2. Edema o hinchazón en las piernas y tobillos

La acumulación de líquidos, conocida médicamente como edema, ocurre cuando la sangre tiene dificultades para retornar al corazón y comienza a ejercer presión sobre los vasos sanguíneos, filtrando líquido hacia los tejidos circundantes. Este síntoma es especialmente notorio al final del día o después de pasar mucho tiempo sentado o de pie. Notarás que los zapatos te aprietan más de lo normal o que, al presionar la piel con un dedo, queda una marca o hundimiento que tarda varios segundos en desaparecer.
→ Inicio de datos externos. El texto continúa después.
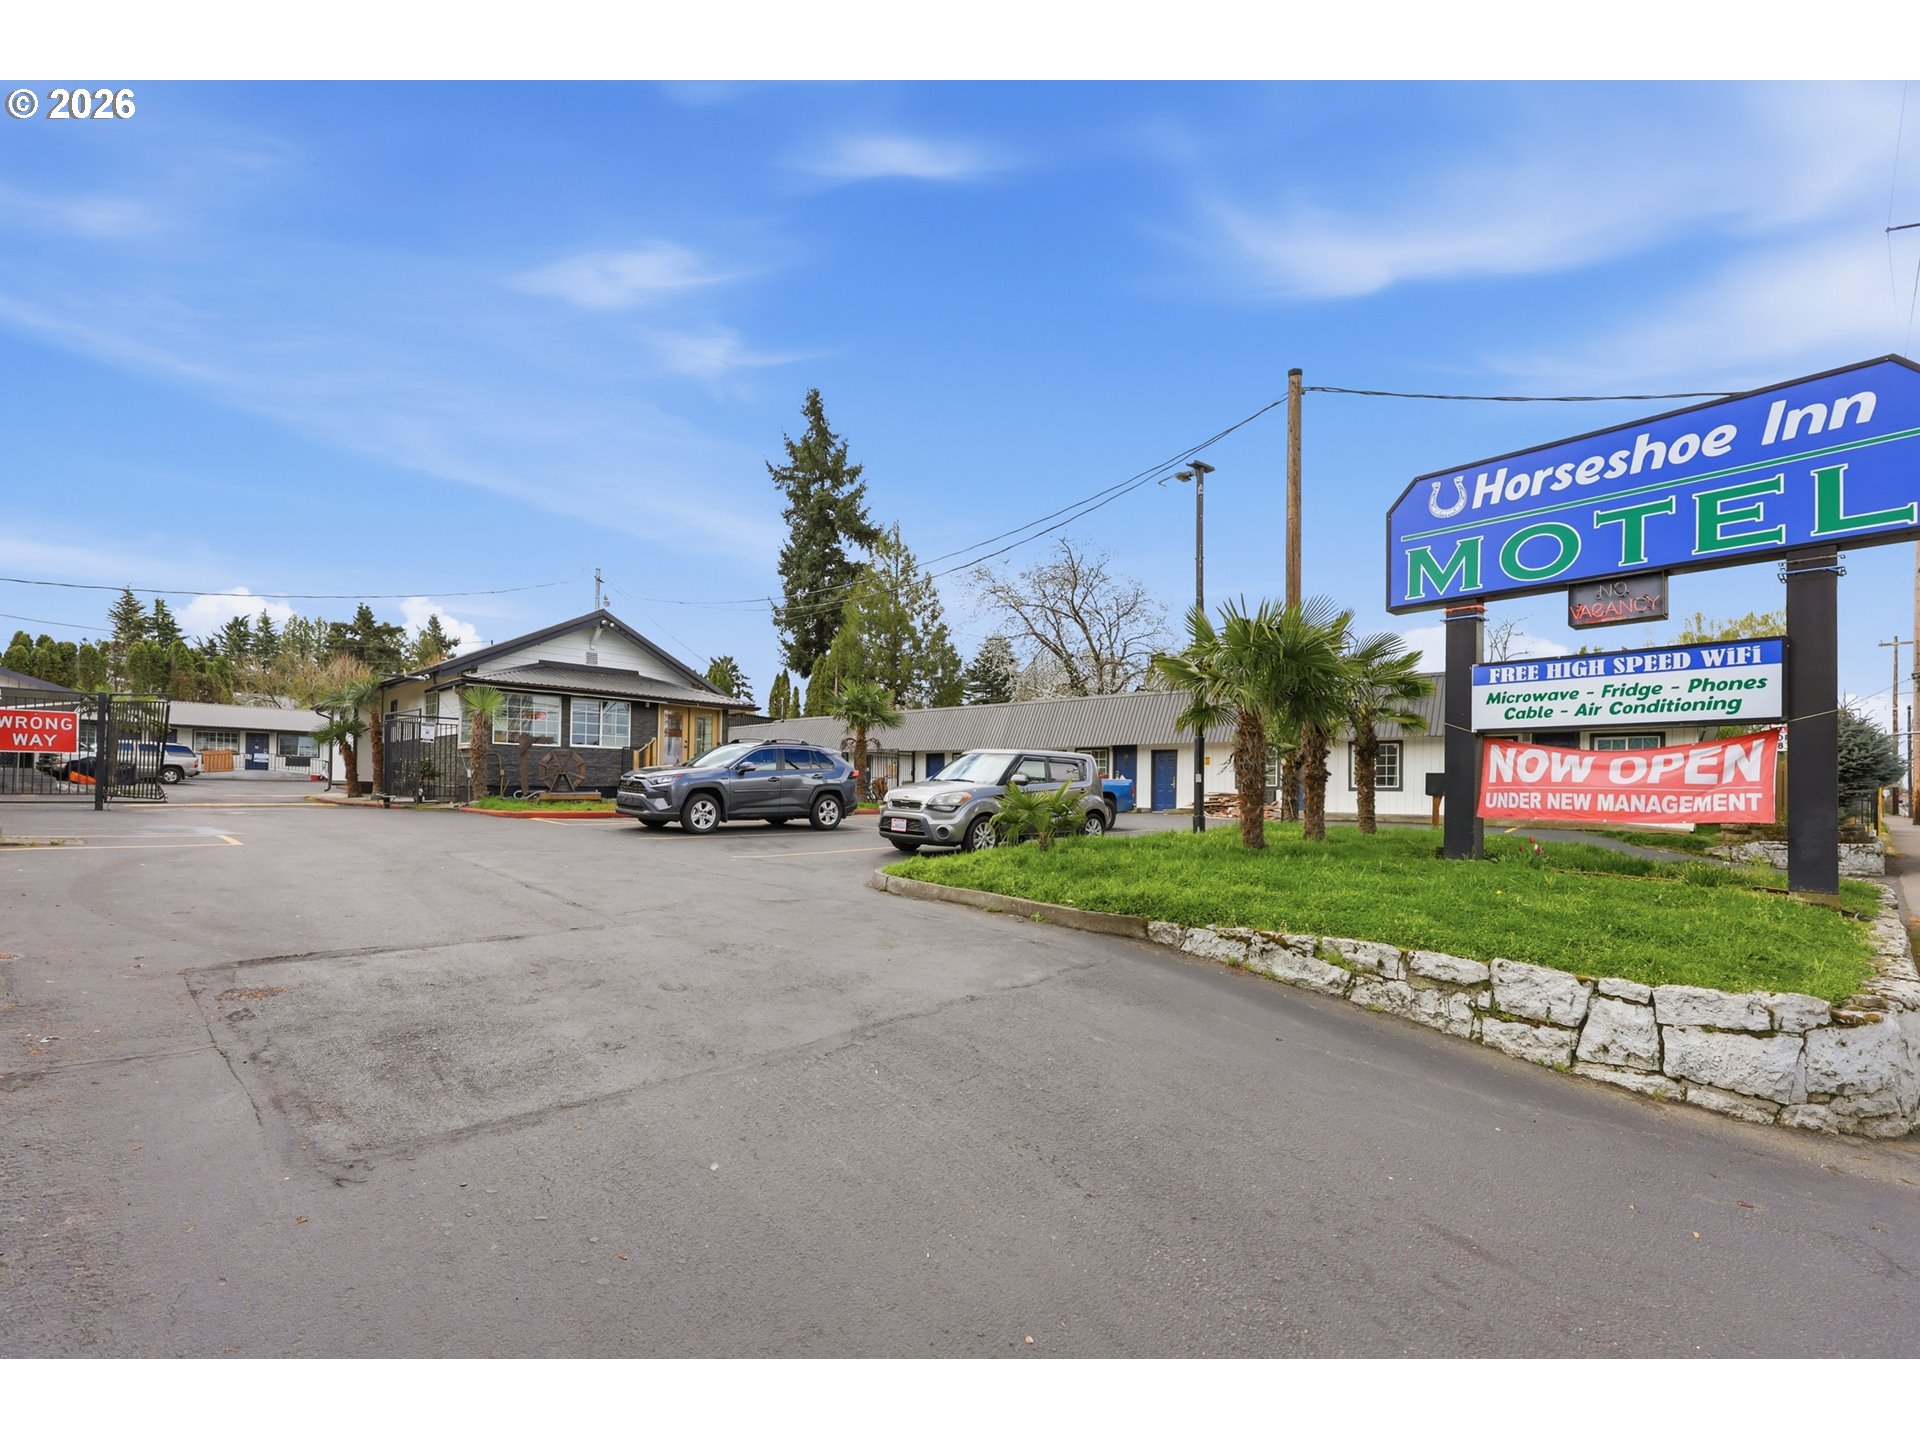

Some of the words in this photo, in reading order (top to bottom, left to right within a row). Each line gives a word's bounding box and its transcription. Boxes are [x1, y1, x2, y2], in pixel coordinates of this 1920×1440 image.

3. Sensación de hormigueo y entumecimiento

Conocida como parestesia, esta sensación de «alfileres y agujas» ocurre cuando el flujo de sangre que llega a los nervios periféricos se ve interrumpido. Los nervios requieren un suministro constante de oxígeno para transmitir señales correctamente; ante la falta de este, comienzan a enviar señales erróneas al cerebro, traduciéndose en entumecimiento o esa molesta sensación de que una parte del cuerpo se ha «dormido». Si esto sucede con frecuencia sin una postura que lo justifique, es una clara señal de alerta.
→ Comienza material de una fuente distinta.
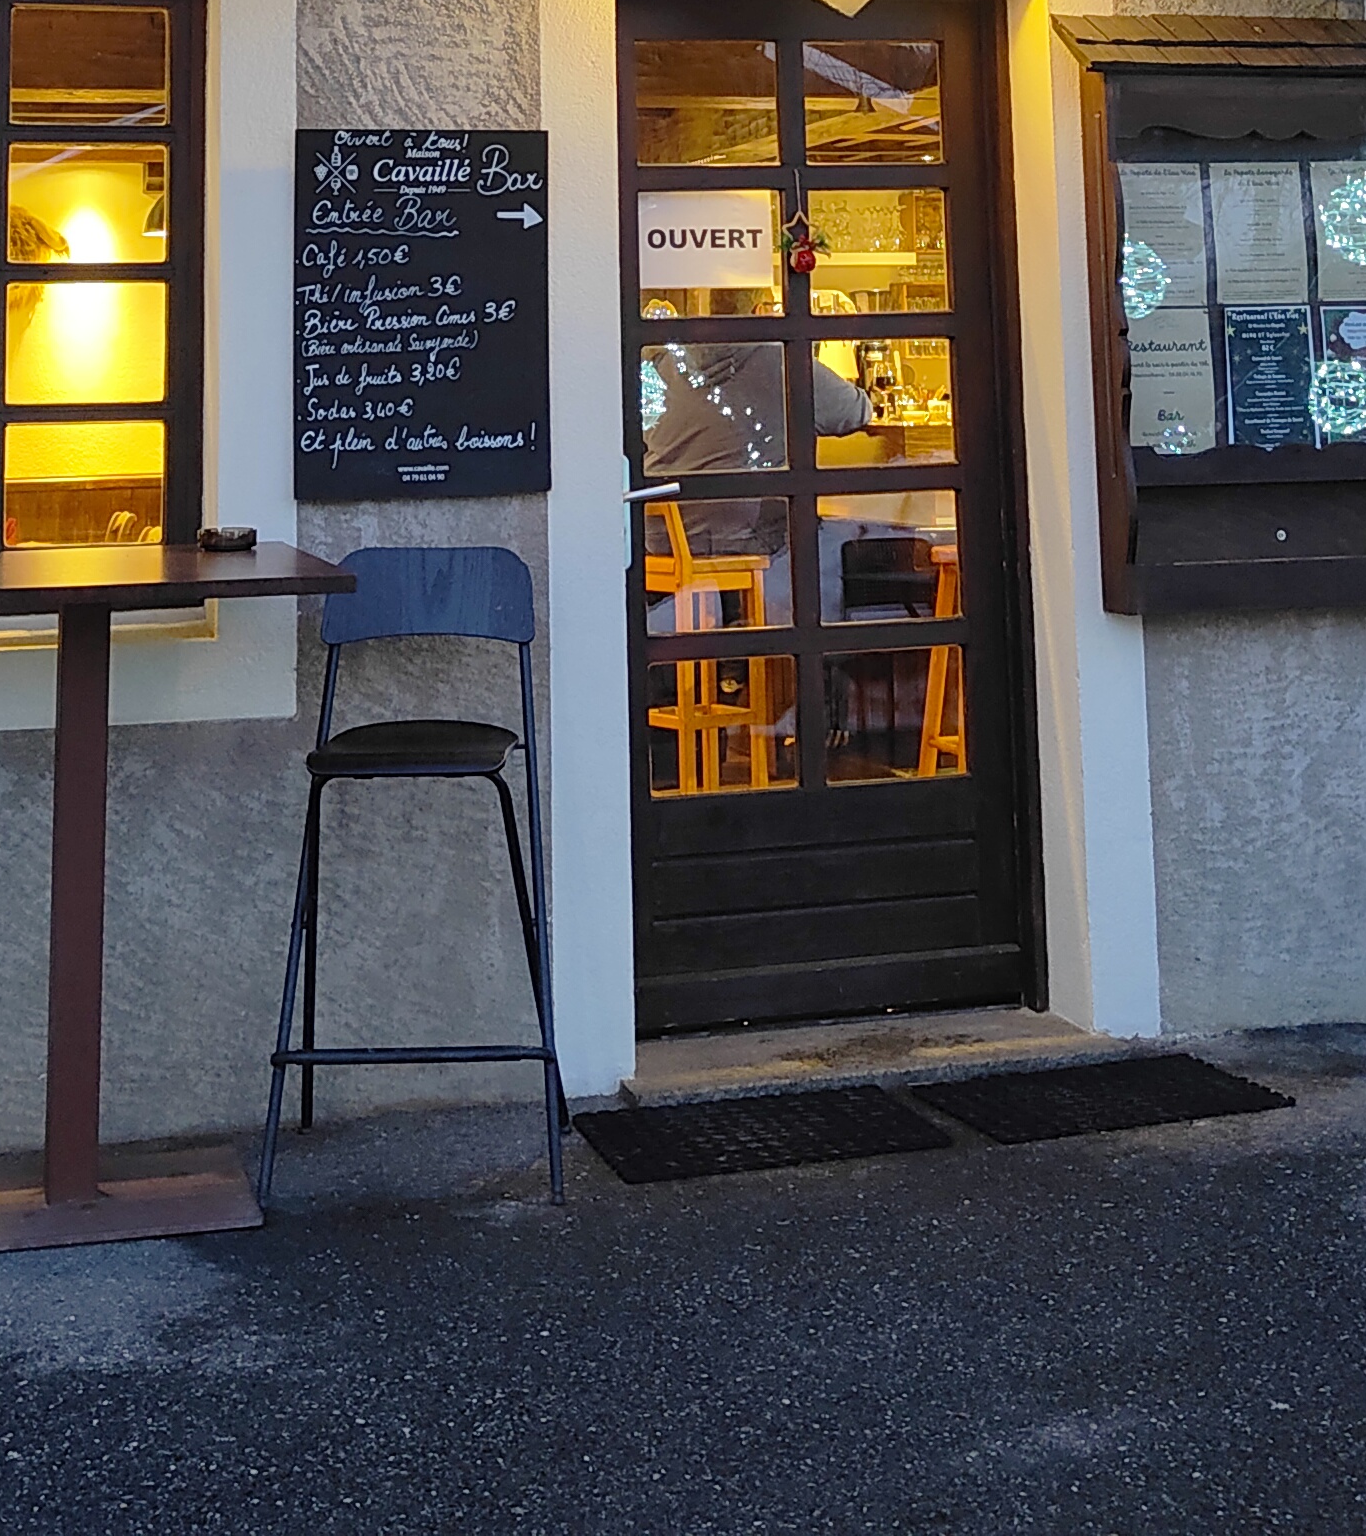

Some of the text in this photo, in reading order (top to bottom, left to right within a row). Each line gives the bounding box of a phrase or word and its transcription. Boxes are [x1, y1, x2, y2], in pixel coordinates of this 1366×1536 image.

[334, 130, 469, 153] Ouvert à tous!
[405, 149, 440, 158] Maison
[373, 159, 471, 182] Cavaillé
[477, 144, 543, 195] Bar
[399, 185, 447, 194] Depuis 1949
[312, 195, 457, 230] Entrée Bar
[647, 228, 763, 249] OUVERT
[302, 240, 409, 278] Café 1,50€
[427, 275, 462, 297] 3€
[303, 309, 358, 338] Bière
[364, 306, 431, 330] Pression
[483, 300, 516, 323] 3€
[1129, 339, 1207, 352] Restaurant
[303, 357, 461, 396] Jus de fruits 3,20€
[307, 397, 414, 421] Sodas 3,40€
[1157, 409, 1185, 421] Bar
[300, 428, 326, 452] Et
[329, 427, 375, 470] plein
[385, 424, 447, 451] d'autres
4. Cambios en el color de la piel (Cianosis)

La coloración de la piel puede revelar mucho sobre la salud vascular. Cuando la sangre está bien oxigenada, la piel luce un tono saludable. Sin embargo, si la circulación es pobre, puedes notar que tus pies o manos adquieren un tono pálido, amarillento o, en casos más severos, un tinte azulado o violáceo (cianosis). Esto indica que los tejidos no están recibiendo suficiente hemoglobina oxigenada. También es común la aparición de manchas rojizas o marrones cerca de los tobillos debido a la degradación de los glóbulos rojos que se escapan de los vasos debilitados.

5. Fatiga constante y debilidad muscular

La falta de una circulación eficiente obliga al corazón a trabajar mucho más para bombear sangre, lo que genera un agotamiento generalizado. Además, los músculos, al no recibir el combustible necesario (oxígeno y glucosa) de manera rápida, se fatigan ante el menor esfuerzo. Actividades cotidianas como subir escaleras o caminar distancias cortas pueden volverse extenuantes, provocando pesadez en las piernas y una falta de energía que no mejora necesariamente con el descanso.
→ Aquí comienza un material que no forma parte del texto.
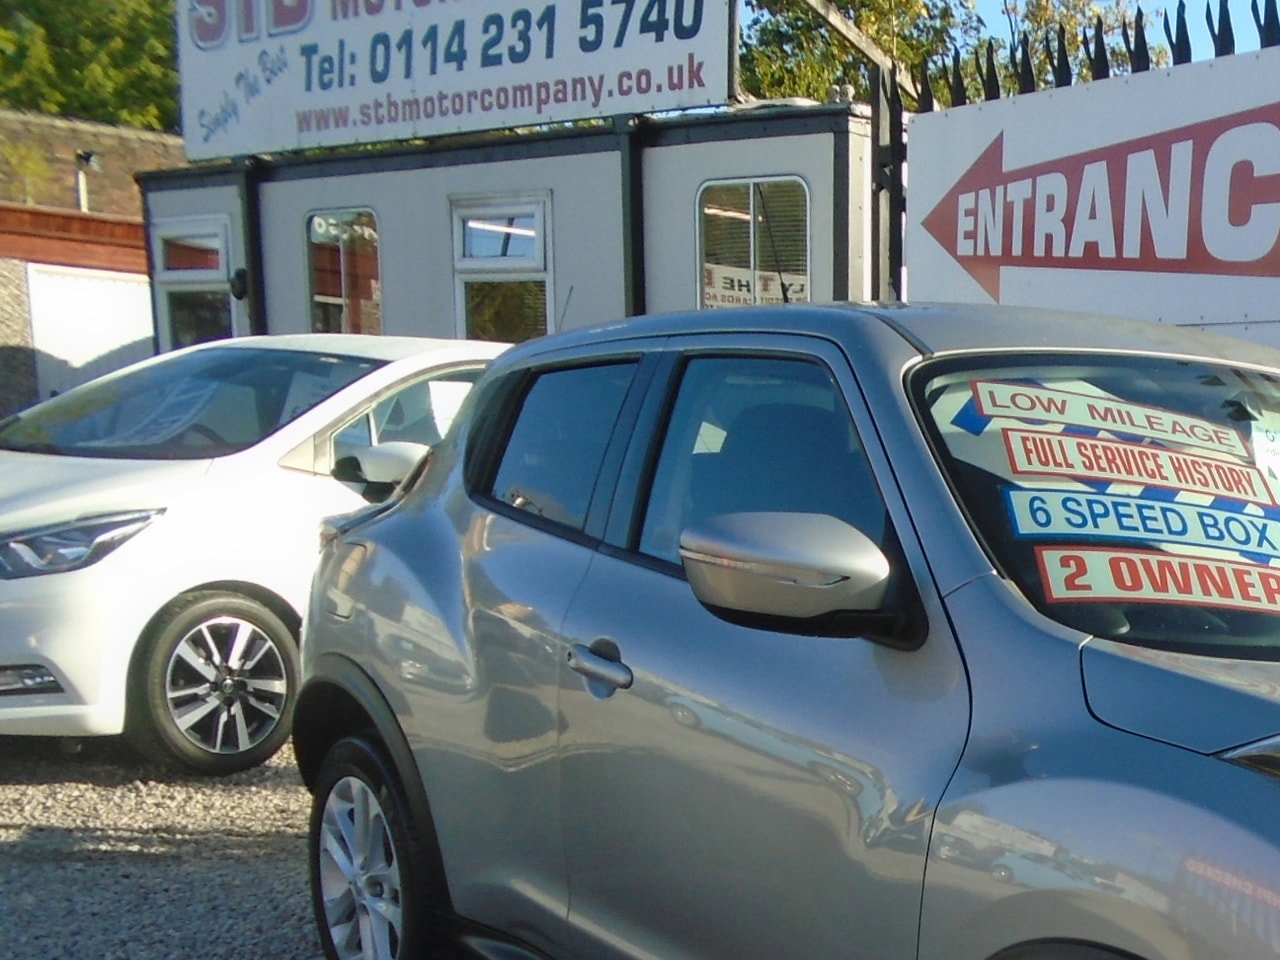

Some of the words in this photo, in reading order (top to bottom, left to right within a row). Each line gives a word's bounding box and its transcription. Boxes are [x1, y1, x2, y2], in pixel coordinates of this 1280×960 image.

[300, 38, 356, 92] Tel:
[369, 20, 468, 84] 0114
[480, 4, 557, 69] 231
[578, 0, 704, 53] 5740
[296, 52, 706, 133] www.stbmotorcompany.co.uk
[987, 389, 1067, 417] LOW
[1086, 402, 1237, 449] MILEAGE
[1021, 434, 1075, 470] FULL
[1076, 440, 1167, 481] SERVICE
[1168, 455, 1259, 498] HISTORY
[1028, 495, 1052, 528] 6
[1061, 496, 1189, 537] SPEED
[1196, 510, 1280, 552] BOX
[1060, 554, 1092, 592] 2
6. Aparición de varices y arañas vasculares

Las venas varicosas son el resultado visible de válvulas venosas debilitadas que no pueden bombear la sangre de vuelta hacia el arriba, provocando que esta se estanque y ensanche las venas. Estas venas se ven abultadas, retorcidas y de color azul oscuro. Por otro lado, las arañas vasculares son capilares más pequeños que se rompen cerca de la superficie de la piel. Ambos son indicadores directos de que el sistema de retorno venoso está fallando.

7. Cicatrización lenta de heridas

El proceso de curación de una herida depende enteramente de la llegada de glóbulos blancos, plaquetas y nutrientes a través del torrente sanguíneo. Si la circulación es deficiente, el cuerpo tarda mucho más tiempo en reparar incluso los cortes o rasguños más pequeños. En casos crónicos, esto puede evolucionar hacia úlceras en las piernas o los pies, que son heridas abiertas que no sanan y que tienen un alto riesgo de infección.


¿Cómo mejorar la circulación?

Si identificas varios de estos síntomas, es recomendable consultar con un especialista (angiólogo). De manera preventiva, puedes adoptar hábitos como:

  • Aumentar la actividad física: Caminar al menos 30 minutos diarios activa la «bomba muscular» de las pantorrillas.
  • Hidratación constante: El agua ayuda a mantener la fluidez de la sangre.
  • Elevar las piernas: Al descansar, coloca los pies por encima del nivel del corazón para facilitar el retorno venoso.
  • Evitar el tabaco: La nicotina daña las paredes arteriales y espesa la sangre.